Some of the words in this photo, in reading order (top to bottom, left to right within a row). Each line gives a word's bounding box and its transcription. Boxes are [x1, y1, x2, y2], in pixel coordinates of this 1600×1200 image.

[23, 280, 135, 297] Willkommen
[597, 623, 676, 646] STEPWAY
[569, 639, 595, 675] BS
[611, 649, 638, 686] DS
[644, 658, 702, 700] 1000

■ ■ ■ ■

# ABOUT THIS TASK
Give back each record above exactly as written.

# ANSWER SPACE
Some of the words in this photo, in reading order (top to bottom, left to right within a row). Each line gives a word's bounding box and its transcription. Boxes are [x1, y1, x2, y2], in pixel coordinates of this 1600×1200 image.

[23, 280, 135, 297] Willkommen
[597, 623, 676, 646] STEPWAY
[569, 639, 595, 675] BS
[611, 649, 638, 686] DS
[644, 658, 702, 700] 1000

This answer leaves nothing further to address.